_Problem to work on_. Print every line below exactly as written, but leave the pictures behind.

_Data for the task_.
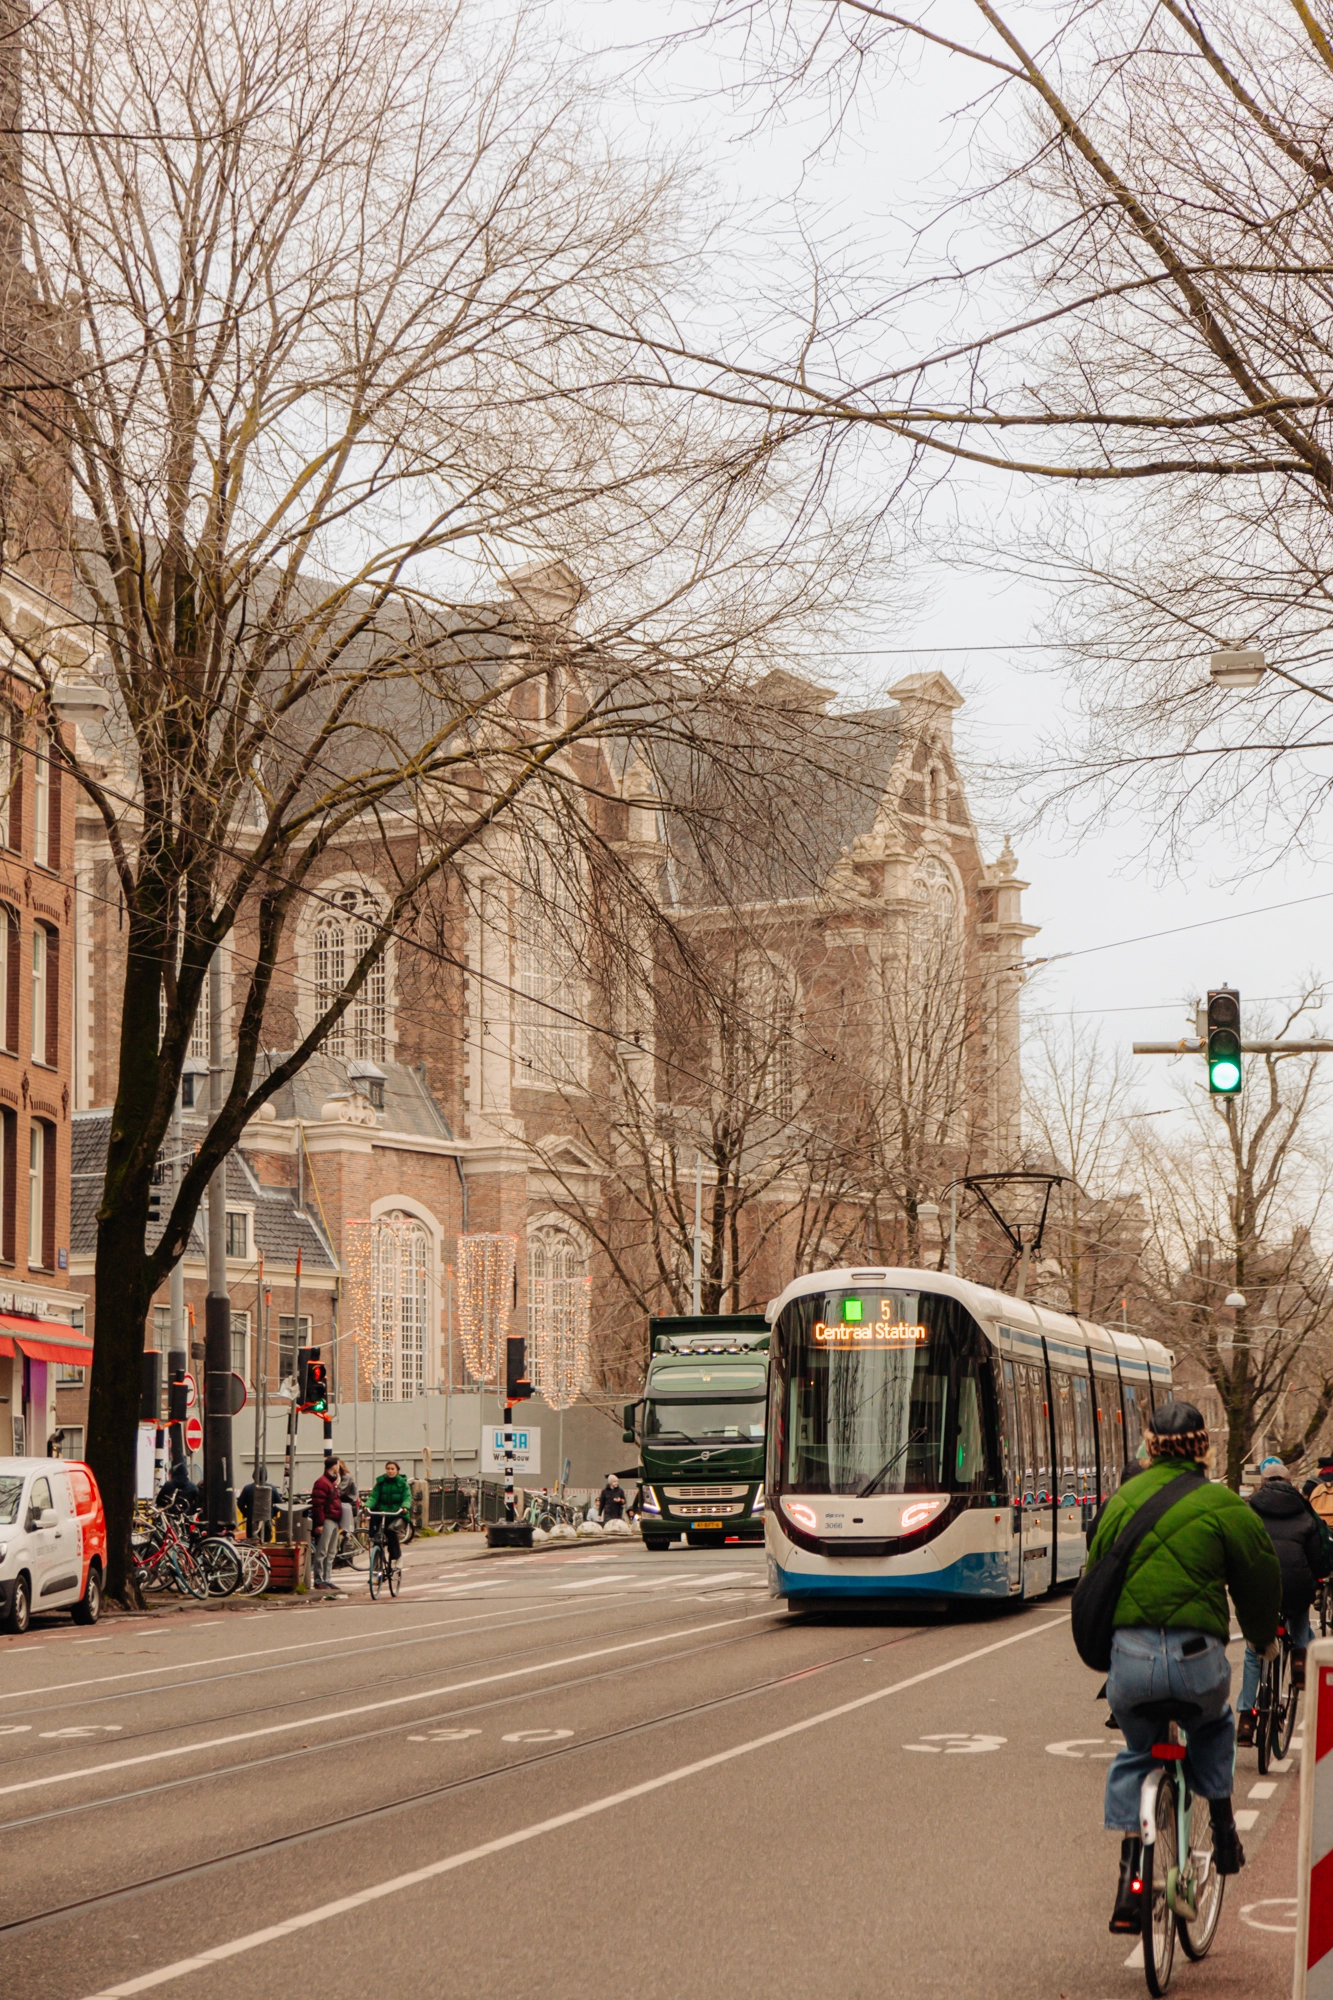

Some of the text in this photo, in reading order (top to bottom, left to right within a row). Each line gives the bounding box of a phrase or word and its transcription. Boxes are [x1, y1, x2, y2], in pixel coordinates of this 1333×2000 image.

[14, 1295, 48, 1315] WESTER
[880, 1299, 891, 1320] 5
[815, 1321, 926, 1340] Centraal Station
[825, 1522, 843, 1530] 3066
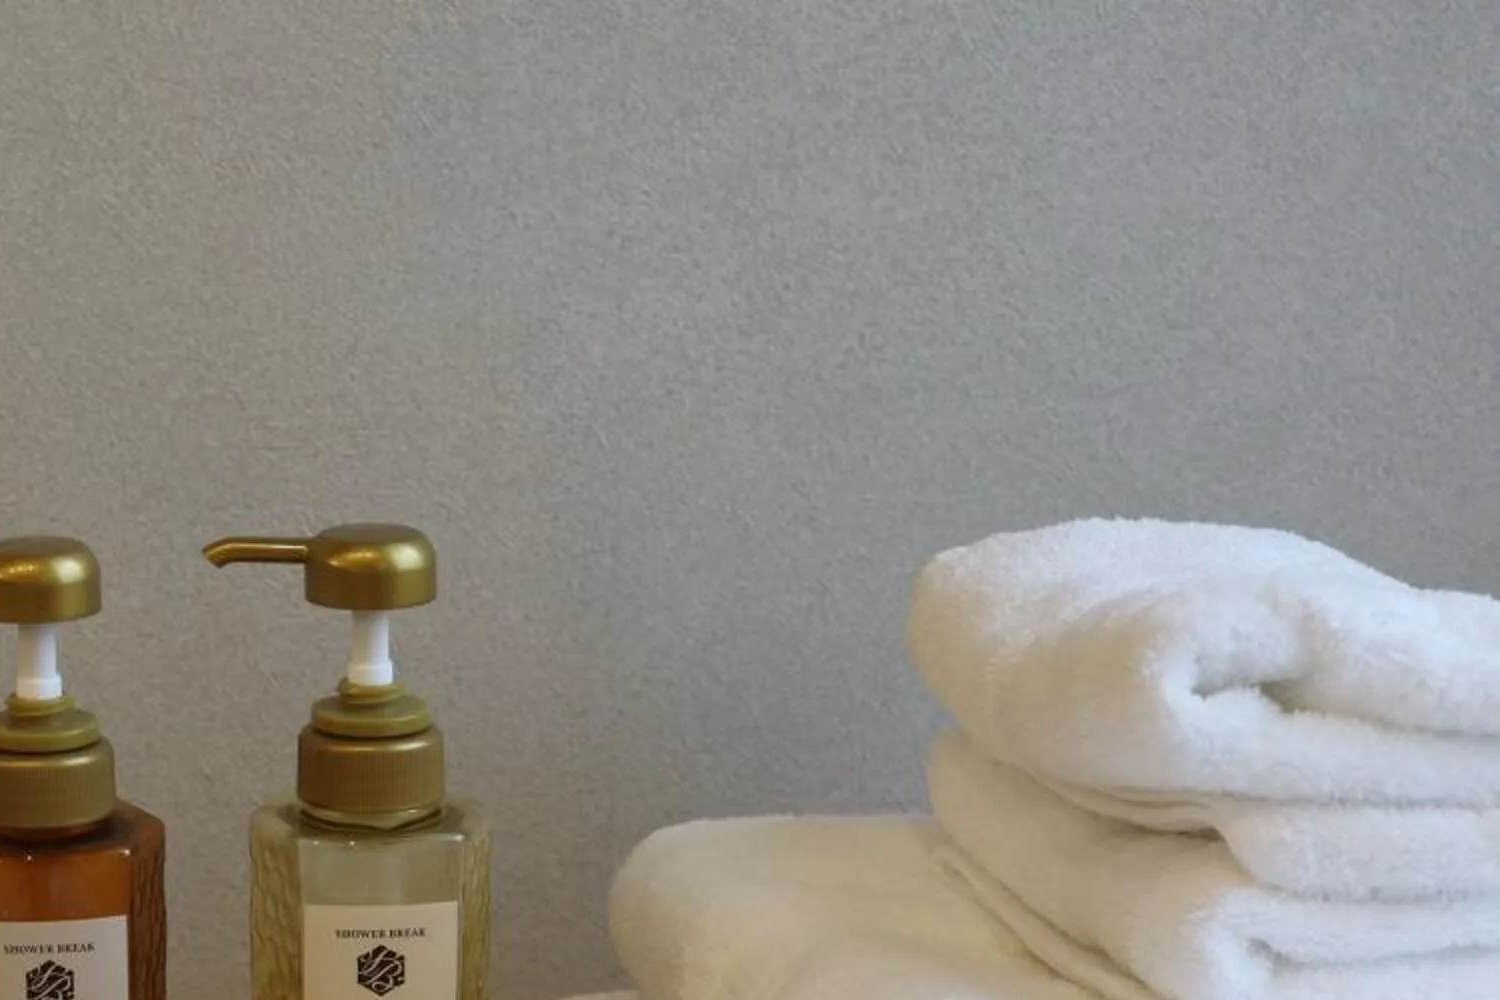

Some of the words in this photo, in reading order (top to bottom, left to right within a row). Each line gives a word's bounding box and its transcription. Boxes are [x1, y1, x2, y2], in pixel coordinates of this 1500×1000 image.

[335, 929, 386, 940] SHOWER
[389, 928, 426, 939] BREAK
[4, 944, 55, 955] SHOWER
[57, 942, 95, 953] BREAK
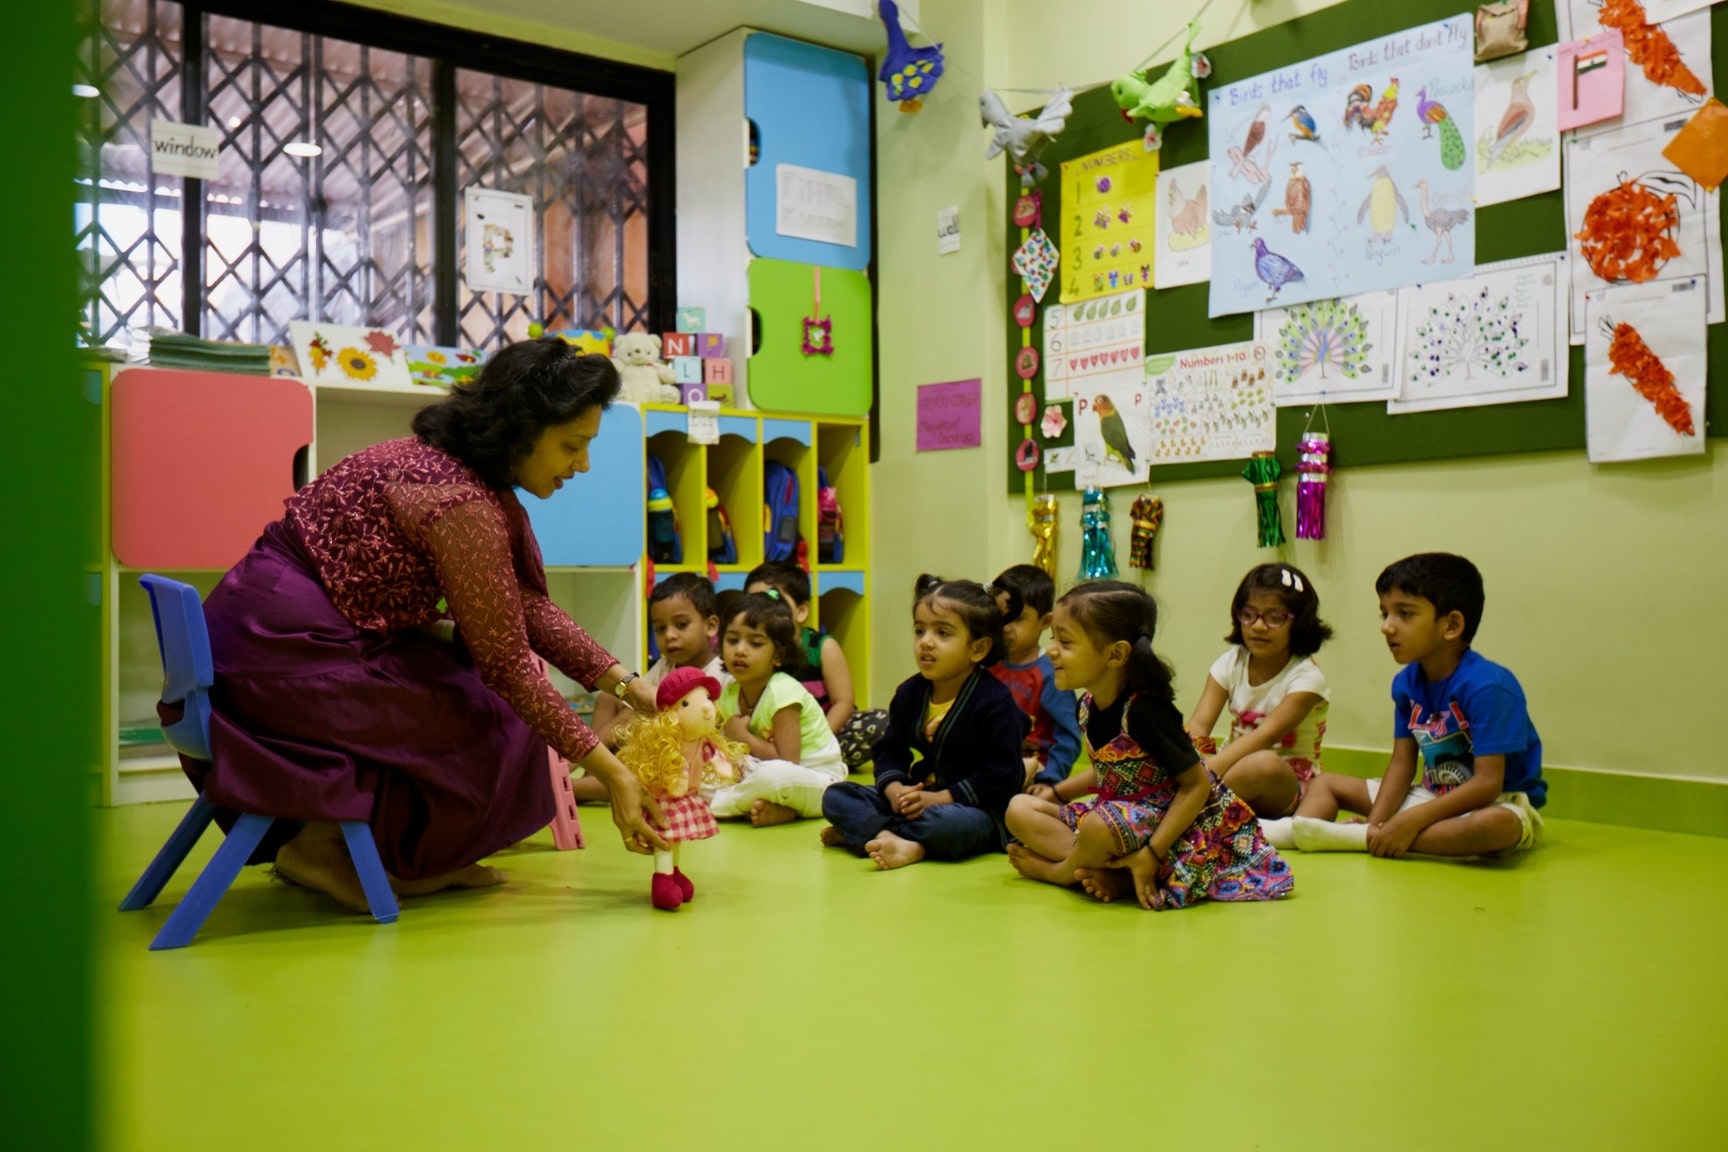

_Task output_.
Some of the text in this photo, in reading order (top to bottom, left to right within a row). Each line gives the bounding box of a phrase or word and its transcription. Boxes are [x1, y1, x2, y2], in pixel coordinates of this 1333×2000 image.

[14, 1295, 48, 1315] WESTER
[880, 1299, 891, 1320] 5
[815, 1321, 926, 1340] Centraal Station
[825, 1522, 843, 1530] 3066

Some of the words in this photo, in reading order (top to bottom, left to right within a row). Each line gives a word's bounding box and its transcription. Boxes are [x1, y1, x2, y2], in pixel coordinates of this 1500×1000 image.

[335, 929, 386, 940] SHOWER
[389, 928, 426, 939] BREAK
[4, 944, 55, 955] SHOWER
[57, 942, 95, 953] BREAK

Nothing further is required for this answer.